Câmara aprova que agressor pague SUS por vítima de violência doméstica e projeto que garante plástica reparadora de mama pelo SUS

O plenário da Câmara dos Deputados aprovou na noite desta terça-feira (4) projeto de lei que obriga agressor a ressarcir o Sistema Único de Saúde por custos com vítimas de violência doméstica. A medida, que visa aumentar o rigor da Lei Maria da Penha, também determina que dispositivos de segurança usados no monitoramento das vítimas sejam custeados pelo agressor. A matéria segue para o Senado.

Pelo texto, o agressor que – por ação ou omissão – causar lesão, sofrimento físico, sexual, psicológico ou dano moral e patrimonial, fica obrigado a ressarcir todos os danos causados, inclusive ressarcir ao cofres públicos todos os custos, de acordo com a tabela SUS. As despesas envolvem os valores pagos pelo Estado no tratamento das vítimas em situação de violência doméstica e familiar.

Segundo os autores do projeto, os deputados Rafael Motta (PSB-RN) e Mariana Carvalho (PSDB-RO), argumentam que, além de responder na esfera penal, o agressor precisa ter sua conduta de violência contra a mulher responsabilizada sobre os danos materiais e morais causados. “A lei precisa deixar bem clara a responsabilidade dos agressores alcançados pela Lei Maria da Penha em arcar com todos os prejuízos que ele causou”, apontam.

A deputada Érika Kokay (PT-DF), autora do substitutivo aprovado nesta noite, incluiu ainda um trecho à lei para impedir que o ressarcimento alcance o patrimônio da mulher agredida ou que configure atenuante em substituição da pena aplicada.

Reconstituição da mama

A Câmara dos Deputados também aprovou nesta terça-feira (4) proposta que garante o direito à reconstrução da mama para mulheres submetidas a tratamento contra o câncer. O texto já havia sido aprovado pelos senadores e, dessa forma, segue para sanção presidencial.

A medida garantirá o direito aos procedimentos de tornar simétricas ambas as mamas e de reconstrução das aréolas mamárias em mulheres submetidas à cirurgia reparadora. O texto garante ainda que a cirurgia seja feita no mesmo tempo cirúrgico, quando houver condições técnicas. Nas situações em que a reconstrução não for viável, a lei estabelece que a cirurgia seja marcada imediatamente após alcançar as condições clínicas adequadas.

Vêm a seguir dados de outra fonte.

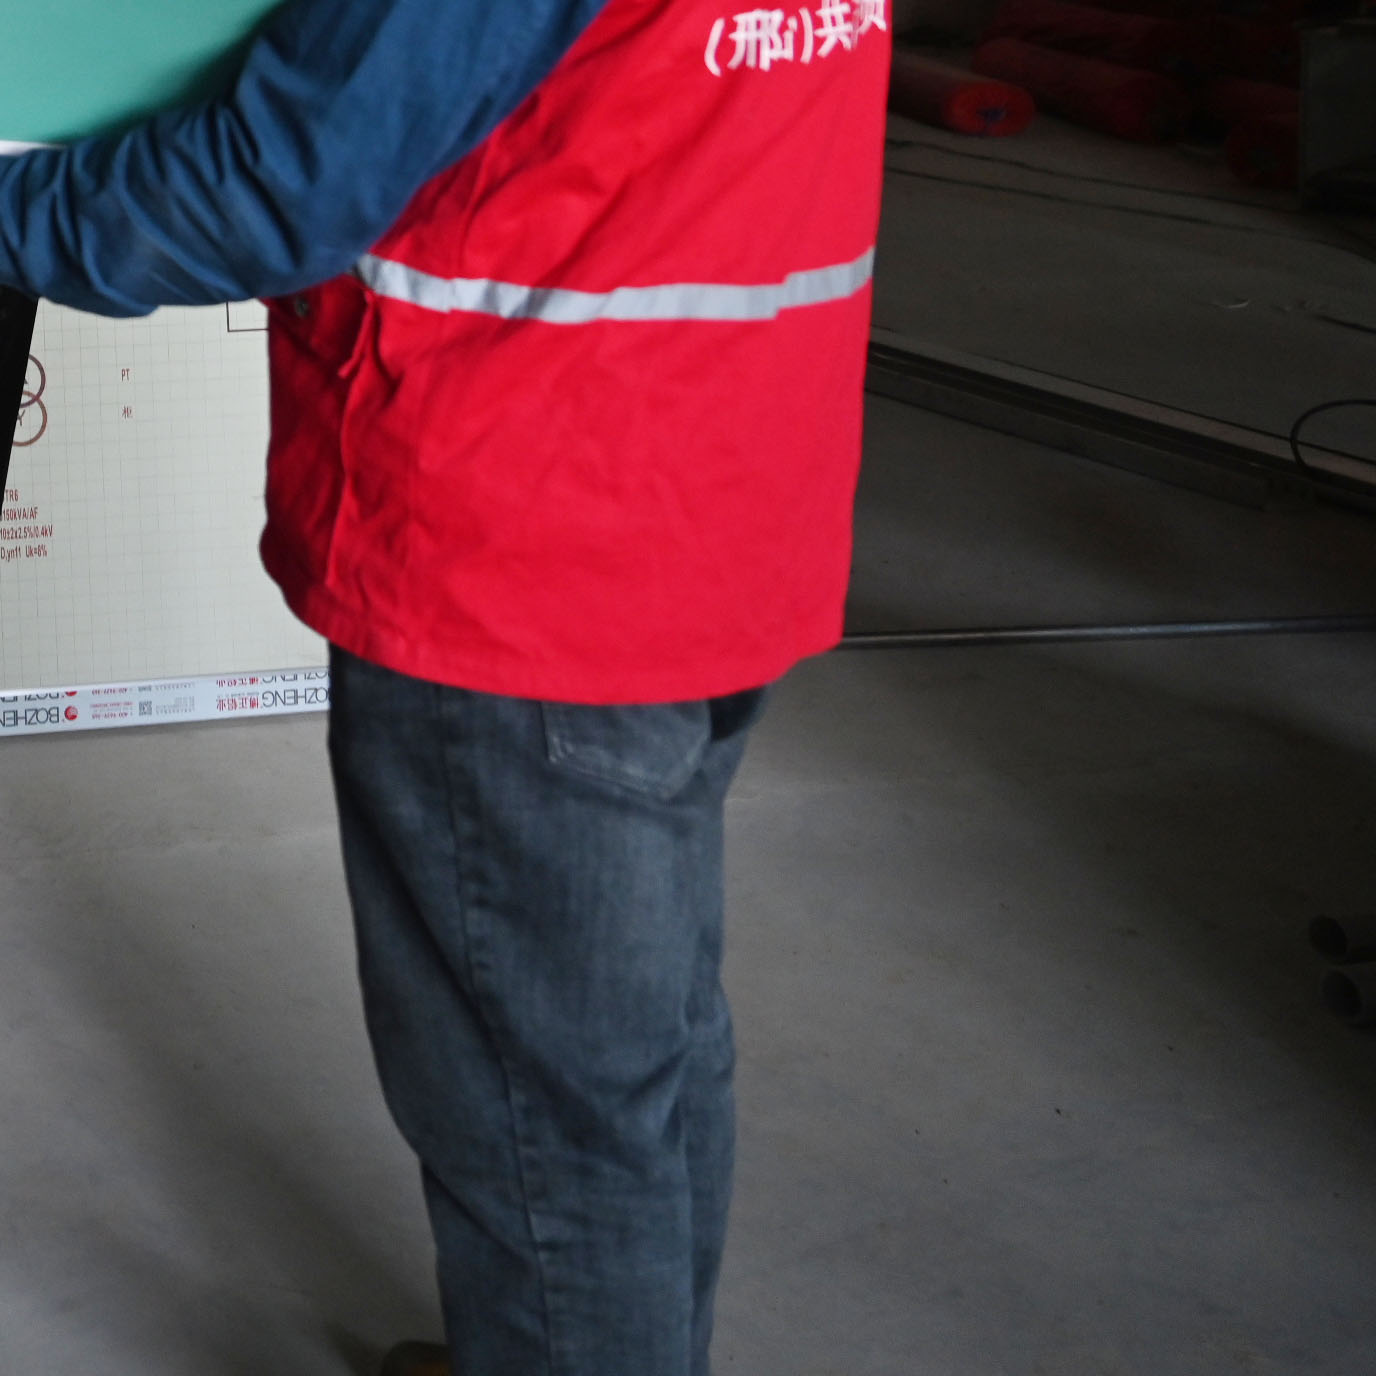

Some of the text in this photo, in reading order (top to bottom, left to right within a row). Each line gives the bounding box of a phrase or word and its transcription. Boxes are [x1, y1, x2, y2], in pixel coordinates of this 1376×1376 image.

[5, 489, 19, 503] TR6
[216, 687, 329, 710] OZHENG 博正铝业

Atualmente, as mulheres com câncer de mama já têm direito à reconstrução pelo Sistema Único de Saúde (SUS), de preferência imediatamente após a retirada total ou parcial da mama afetada. No entanto, a Lei 9.797/99, que trata do assunto, não estabelece a abrangência das duas mamas.

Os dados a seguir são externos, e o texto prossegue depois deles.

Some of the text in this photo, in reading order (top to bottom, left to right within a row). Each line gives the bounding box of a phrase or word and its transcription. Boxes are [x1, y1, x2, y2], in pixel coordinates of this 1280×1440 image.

Da mesma forma, a medida abrange os planos de saúde ao incluir a possibilidade de a cirurgia reparadora ocorrer ao mesmo tempo do procedimento para a retirada da mama. A lei ainda estabelece a previsão de reconstrução de mamilos e o procedimento de simetria das mamas.

Exames preventivos

Nesta sessão, o plenário da Câmara também aprovou a medida que permite à pessoa ausentar-se do trabalho para fazer exames preventivos contra o câncer.

O texto aprovado prevê a ausência comprovada, sem prejuízo do salário, por até três dias em cada 12 meses de trabalho, e assegura a oportunidade a trabalhadores de ambos os sexos ao definir o preventivo de câncer do colo de útero, de câncer da mama ou de câncer da próstata.

A matéria também será enviada à sanção presidencial.